Many Americans and Washington policymakers believe that this is a problem confined to the San Diego-Tijuana border or the dusty sands of Arizona or Texas, but these powers stretch far inland across the United States.

To calculate what proportion of the U.S. population is affected by these powers, the ACLU created a map and spreadsheet showing the population and population centers that lie within 100 miles of any “external boundary” of the United States.

The population estimates were calculated by examining the most recent US census numbers for all counties within 100 miles of these borders. Using numbers from the Population Distribution Branch of the US Census Bureau, we were able to estimate both the total number and a state-by-state population breakdown. The custom map was created with help from a map expert at World Sites Atlas.

What we found is that fully TWO-THIRDS of the United States’ population lives within this Constitution-free or Constitution-lite Zone.
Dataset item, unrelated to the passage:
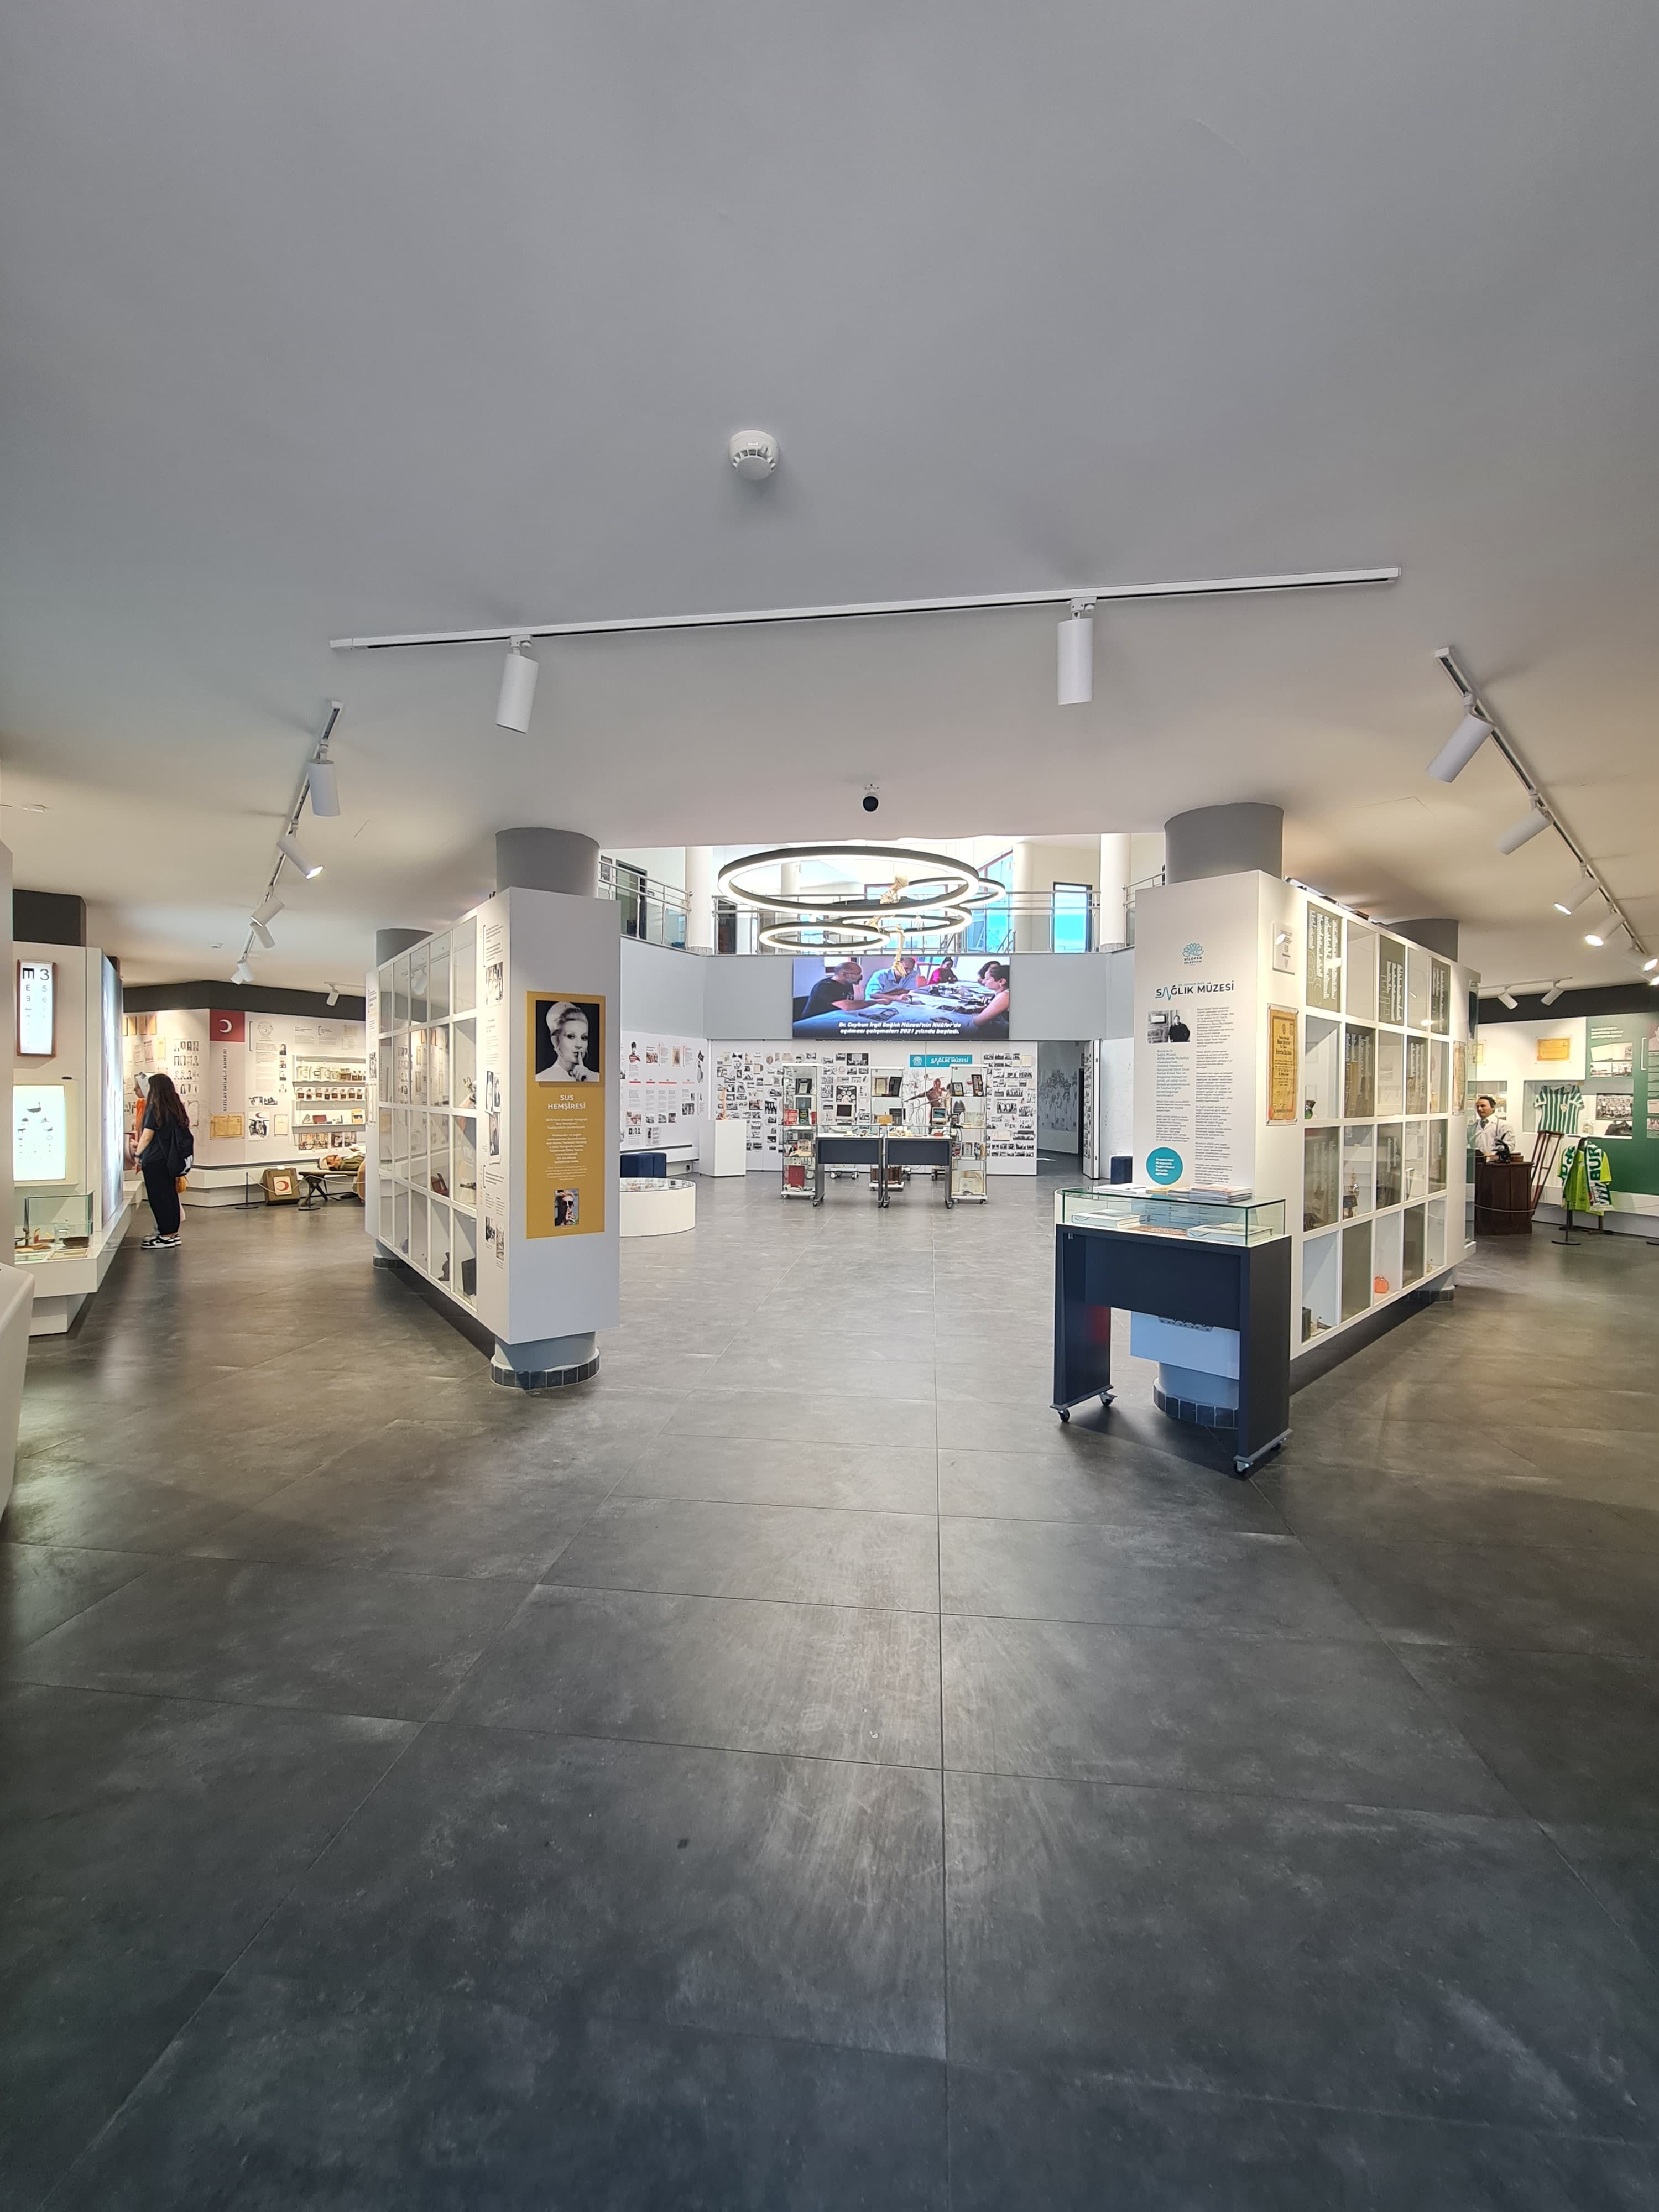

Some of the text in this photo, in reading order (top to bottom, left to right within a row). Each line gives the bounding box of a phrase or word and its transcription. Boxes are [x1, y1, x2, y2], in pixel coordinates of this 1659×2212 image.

[40, 968, 49, 980] 3
[1197, 980, 1234, 993] MÜZESİ
[547, 1102, 586, 1110] HEMŞİRESİ
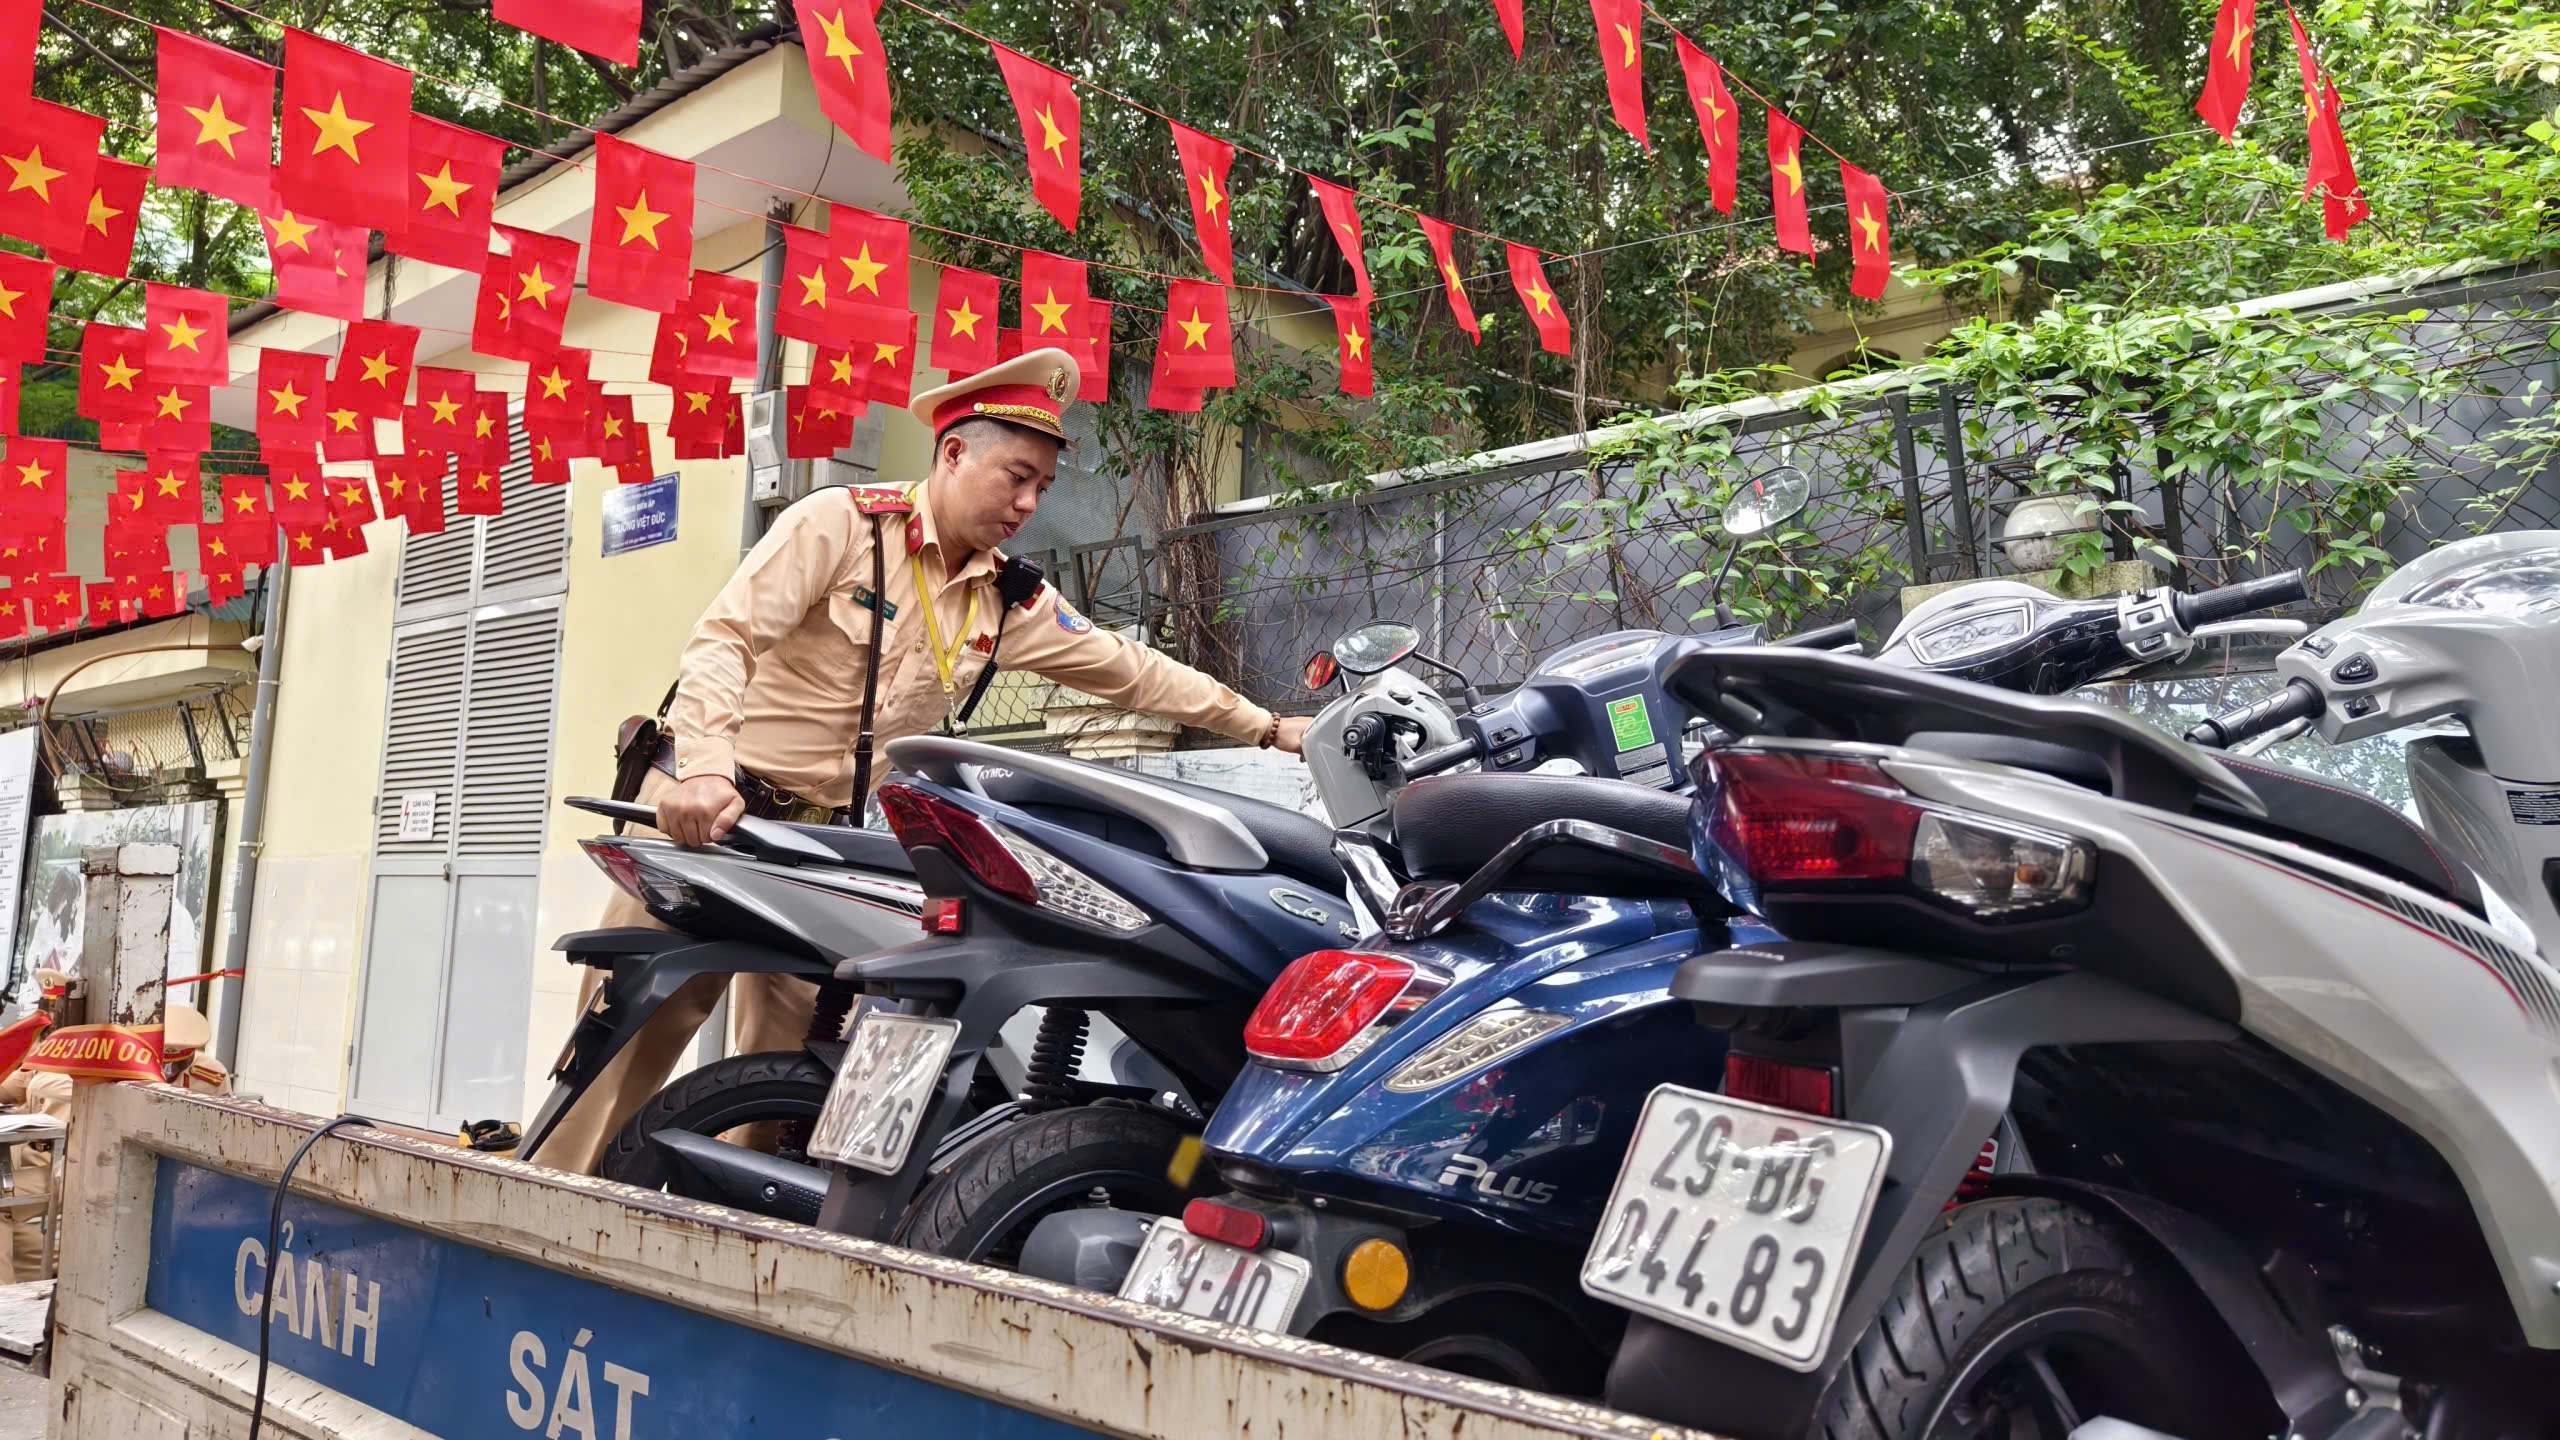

That’s 197.4 million people who live within 100 miles of the US land and coastal borders.

Nine of the top 10 largest metropolitan areas as determined by the 2000 census, fall within the Constitution-free Zone. (The only exception is #9, Dallas-Fort Worth.) Some states are considered to lie completely within the zone: Connecticut, Delaware, Florida, Hawaii, Maine, Massachusetts, Michigan, New Hampshire, New Jersey, New York, Rhode Island and Vermont.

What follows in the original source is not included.